I won’t go into details, but he lays bare his approach to hypnotherapy that is as quaint and silly as it is probably pointless and ineffective. Oh, and among those scripts is one that suddenly takes a turn into suggested orgasms, bondage, and spanking. Maybe this is where Dantalion really wanted to go with ‘mind control’ and where David Barrow, hypnotherapist, didn’t want to go publicly?
In the lofty heights of Cosmic Pancakes! towers, we’re certainly not averse to the mixing of sex and hypnosis, but this feels more like an insight into Jones’/Barron’s own desires than as an instructional manual for wannabe hypnotists.

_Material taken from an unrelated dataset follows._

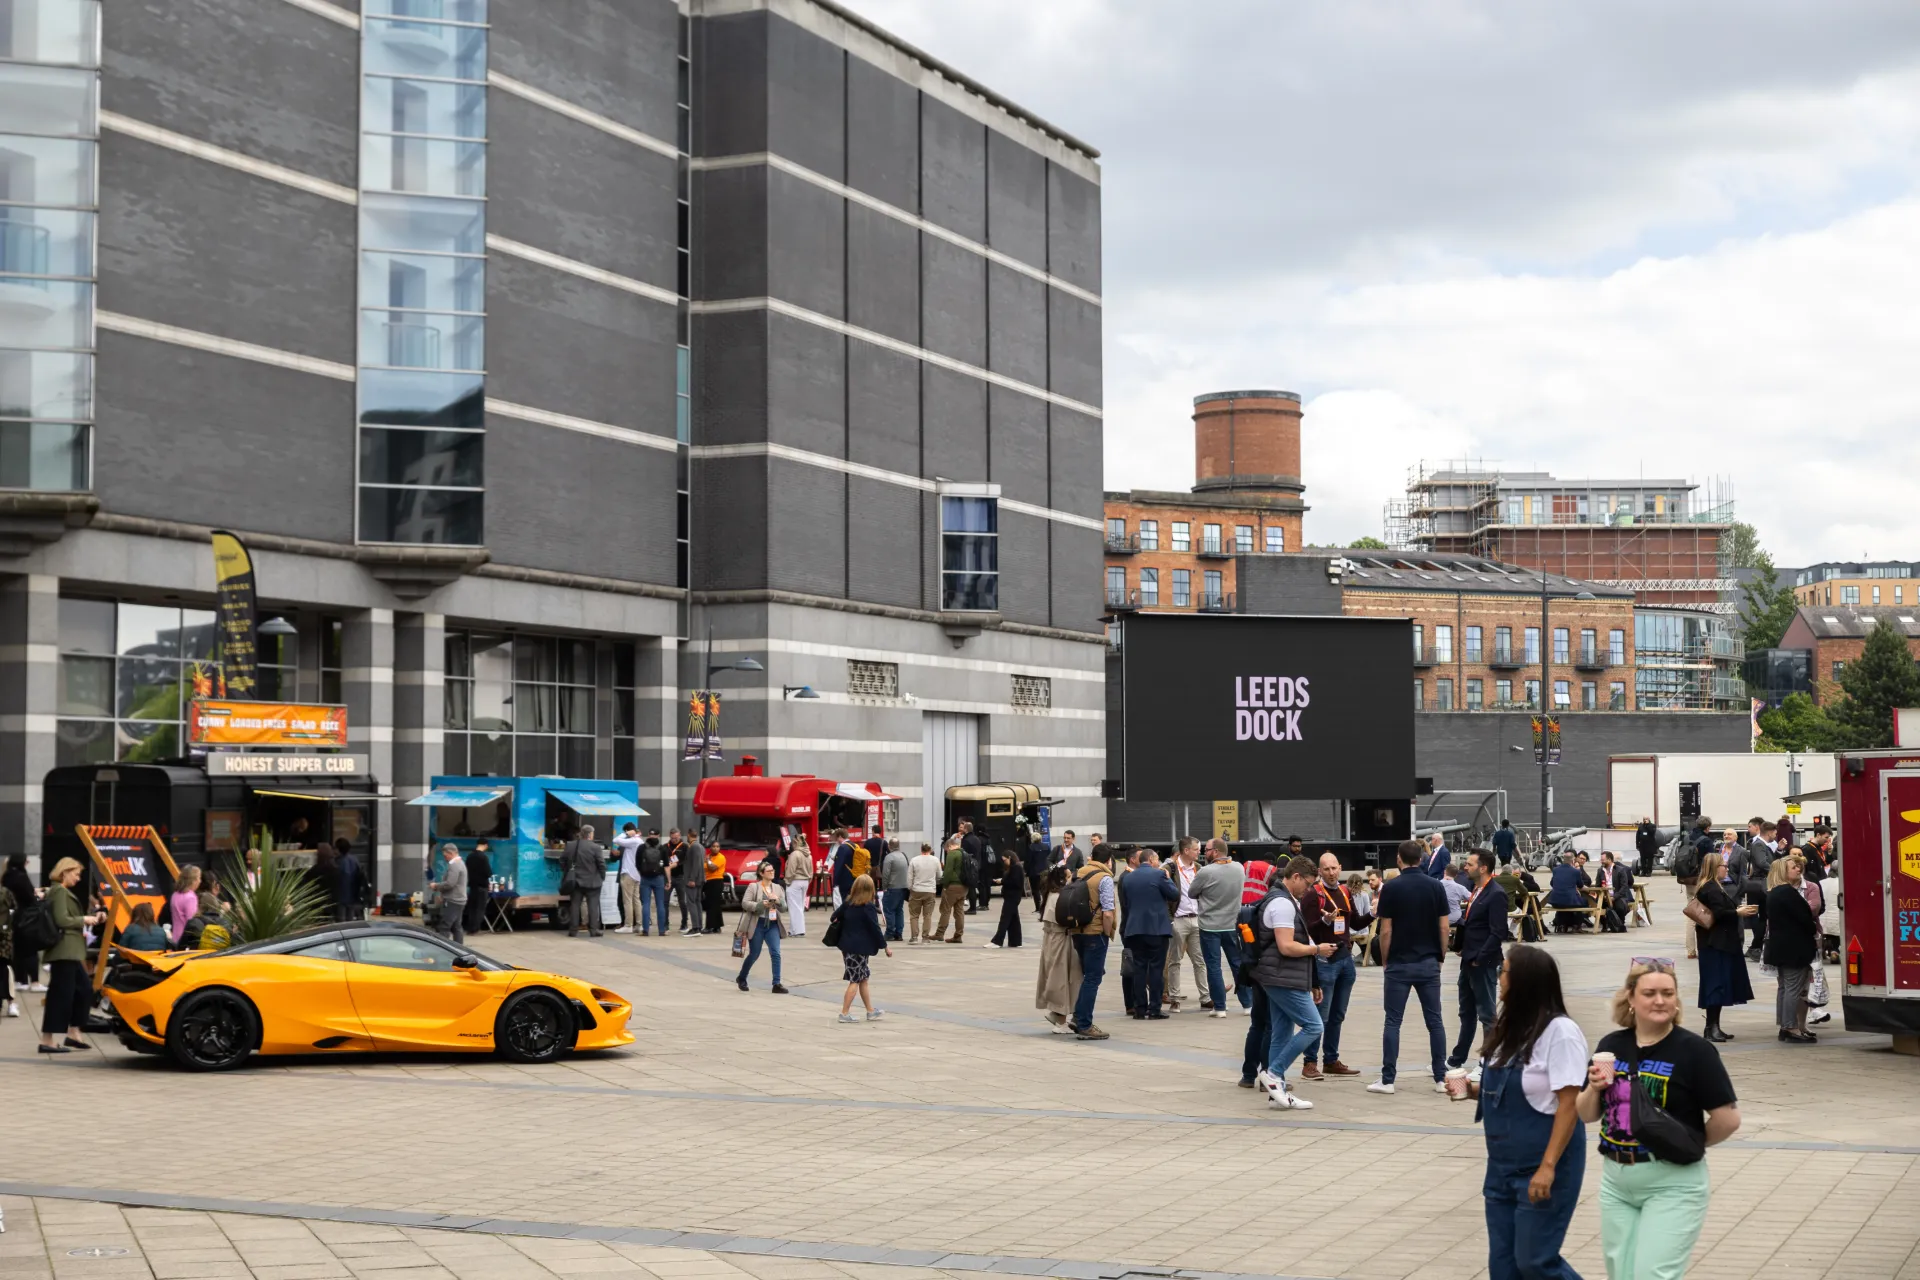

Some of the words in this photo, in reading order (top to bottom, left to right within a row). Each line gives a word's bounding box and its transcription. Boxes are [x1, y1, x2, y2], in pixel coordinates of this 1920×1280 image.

Like, we all want to learn the secrets of mind control (especially those that no other hypnotist will tell us), but we don’t necessarily need to know this!
Sexy mind control is A Thing, and one his few early references was to a book on seduction with claims like “I had her in my bed in 16 minutes flat. And that’s a fact!” Not wanting to judge, but that sounds coercive, as opposed to consensual hypnokink.
As I said at the beginning, it’s a terrible book and one that should be in the bin, but I think I’ll keep it around as an example of just how bad these books can be.